[What the exercise asks]: Your copy should match the entries exactly, with no images carried over.

(Collected data)
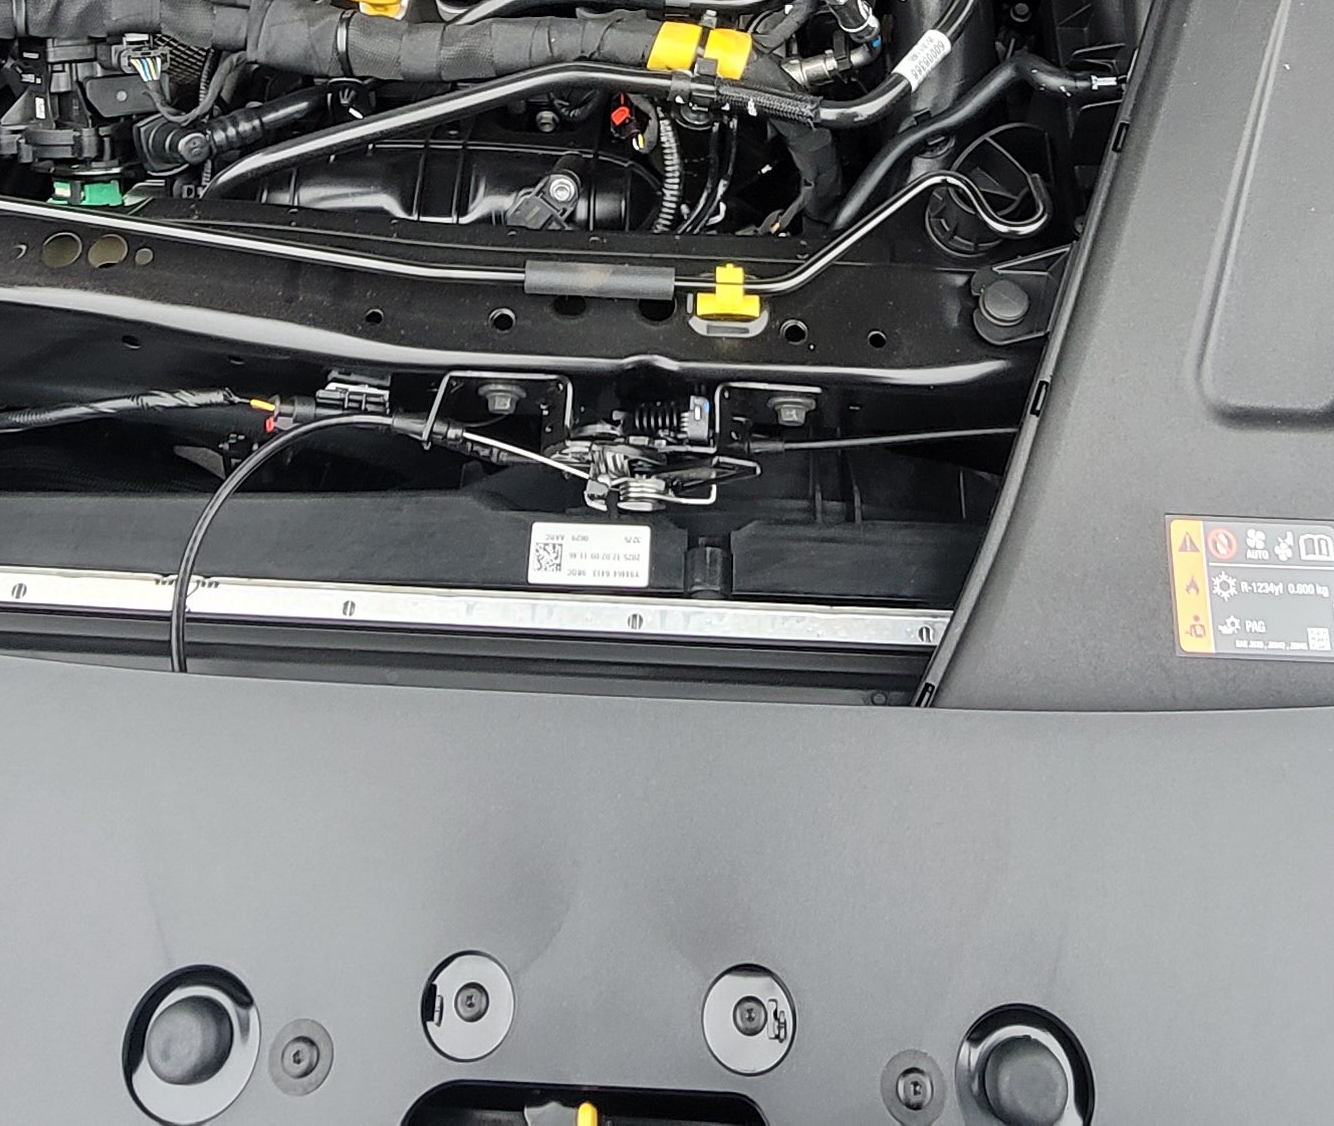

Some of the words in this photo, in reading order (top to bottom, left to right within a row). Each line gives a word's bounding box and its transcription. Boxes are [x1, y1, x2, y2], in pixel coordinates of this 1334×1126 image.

[1246, 549, 1269, 560] AUTO
[1315, 584, 1330, 598] kg
[1245, 620, 1266, 633] PAG
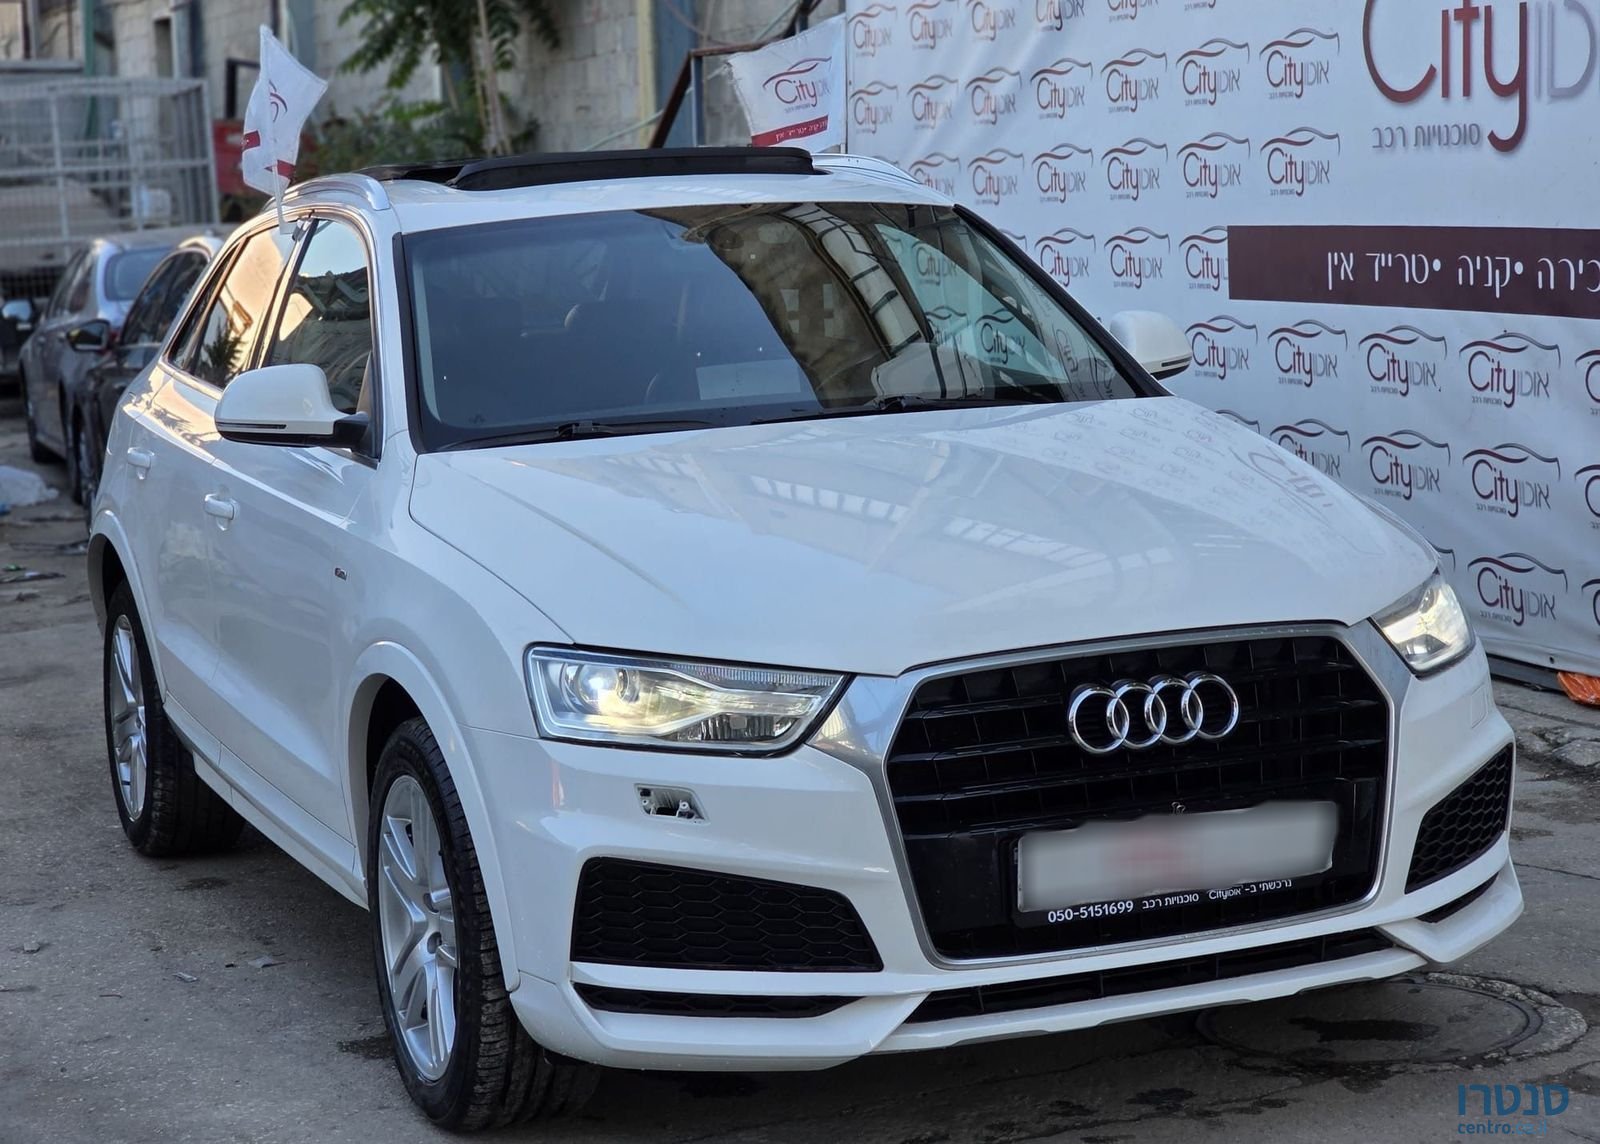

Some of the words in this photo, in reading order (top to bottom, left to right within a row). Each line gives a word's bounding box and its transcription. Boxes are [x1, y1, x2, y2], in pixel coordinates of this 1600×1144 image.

[Solution]:
Some of the words in this photo, in reading order (top to bottom, left to right within a row). Each line gives a word's bounding box and its transcription. Boxes are [x1, y1, x2, y2], in pixel coordinates of this 1334×1126 image.

[1246, 549, 1269, 560] AUTO
[1315, 584, 1330, 598] kg
[1245, 620, 1266, 633] PAG

Some of the words in this photo, in reading order (top to bottom, left to right within a row). Each line gives a word's bounding box and its transcription. Boxes are [x1, y1, x2, y2], in pixel coordinates of this 1600×1144 image.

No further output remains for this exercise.